Luca (Stefano Accorsi) è un medico volontario in una missione in Kenya, vive in un piccolo villaggio, insieme a due cooperanti italiani e qualche infermiere locale, all'interno del quale hanno organizzato un piccolo presidio medico, dove, superando ogni tipo di problematica, cercano di alleviare l'emergenza sanitaria in cui versa la popolazione indigena.

Mario (Francesco Favino) invece è un medico affermato di una clinica privata romana, gestita dal padre di Luca, e sposato con la bella Ginevra (Vittoria Puccini) con la quale vive in un lussuosissimo appartamento nel centro di Roma.

Un giorno Mario decide di andare a trascorrere un po' di tempo da Luca, sia per rinsaldare l'amicizia che lo lega al suo vecchio compagno di studi, sia per dare una mano alla missione ma anche per riflettere e riappropriarsi di quel senso della vita messo da parte nella routine quotidiana. L'approccio per Mario non è semplice, la realtà africana mette a dura prova la resistenza del "romanetto" un po' sbruffone abituato a tutti i tipi di comfort, inoltre, il rigore e il senso del dovere di Luca, spesso contrastano con l'animo più casereccio e compagnone di colui che è abituato alla scorciatoia e alla parola più che al lavoro duro.

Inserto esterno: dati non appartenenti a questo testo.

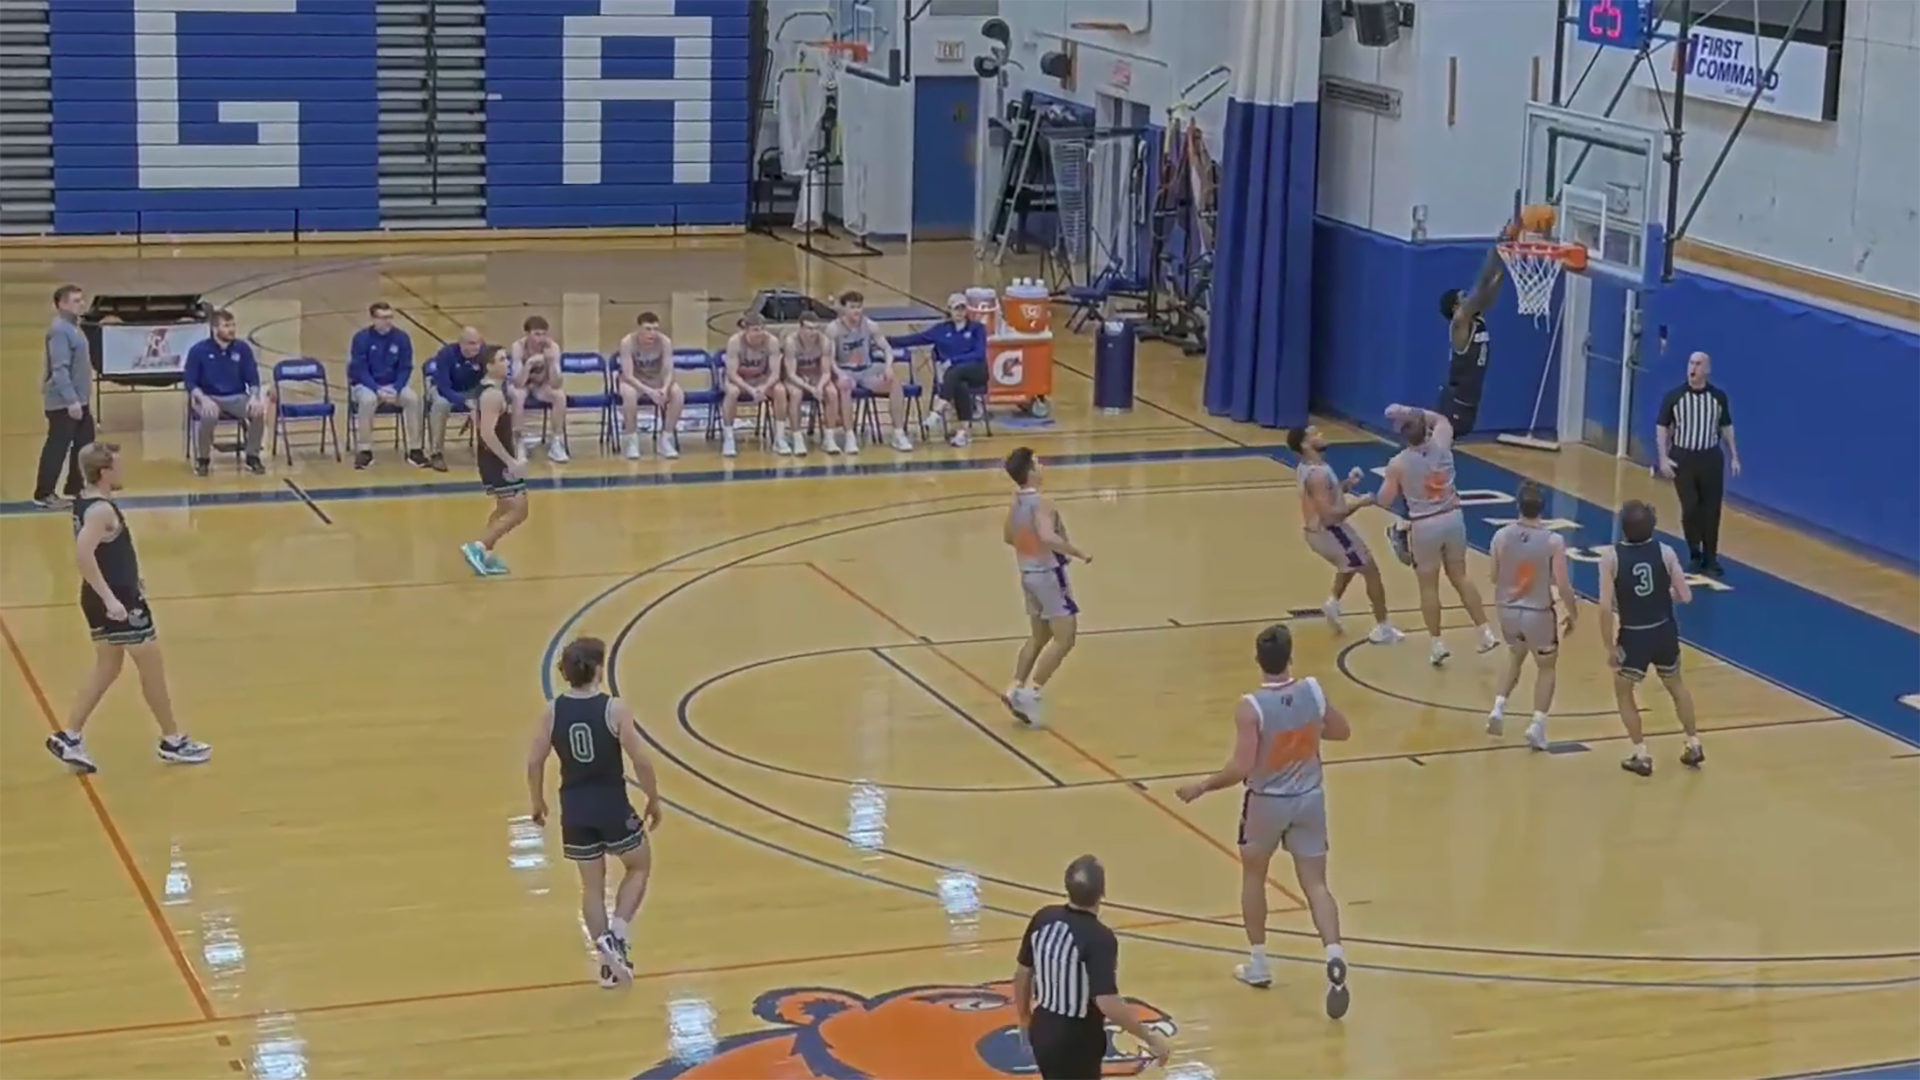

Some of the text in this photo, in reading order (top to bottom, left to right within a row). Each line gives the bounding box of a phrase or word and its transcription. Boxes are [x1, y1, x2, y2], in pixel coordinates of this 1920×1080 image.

Pochi giorni dopo a raggiungerli è Ginevra, ma una volta ricomposto il trio di una volta, dei tempi dell'università, le verità nascoste inizieranno a venire fuori, e un turbine di tradimenti di ogni genere decreterà la fine dei rapporti tra i tre protagonisti.

Inizia quindi una resa dei conti all'ultimo colpo tra i tre, ma non è uno scontro tra differenti visioni del mondo, tra differenti coscienze civili e sensibilità, è un più un teatro di personalità fragili, di uomini che hanno ricevuto tutto dalla generazione precedente, "la vita facile", ma che in realtà sono stati privati della responsabilità delle proprie azioni, succubi e controllati da quegli stessi padri che gli hanno spianato la strada, che non gli hanno fatto mancare niente, ma da cui è necessario fuggire per poter uscire dalla loro sfera d'influenza.

Ed in questa miseria d'animo, questi eterni giovani sono talmente presi nei loro personalismi da non avere spazio per la vita esterna; la pellicola è ambienta in una missione umanitaria e forse non è un caso che, come i protagonisti, il regista stesso, non si occupi delle problematiche proprie, delle contraddizioni, e dell'importanza della cooperazione internazionale.

E per molti queste assenze si faranno sentire, perché sì il film scorre fluido, le caratterizzazioni dei personaggi sono ben dipinte, e gli attori, in un trio ormai collaudato, giocano con successo tra di loro: ma l'Africa non è solo una splendida fotografia (e quella del film è "ovviamente" bellissima), la cooperazione non è solo una brava ragazza che vuole aiutare o un figlio di papà che vuole fuggire, e probabilmente molti quarantenni hanno smesso di guardarsi ancora allo specchio e di leccarsi le proprie ferite.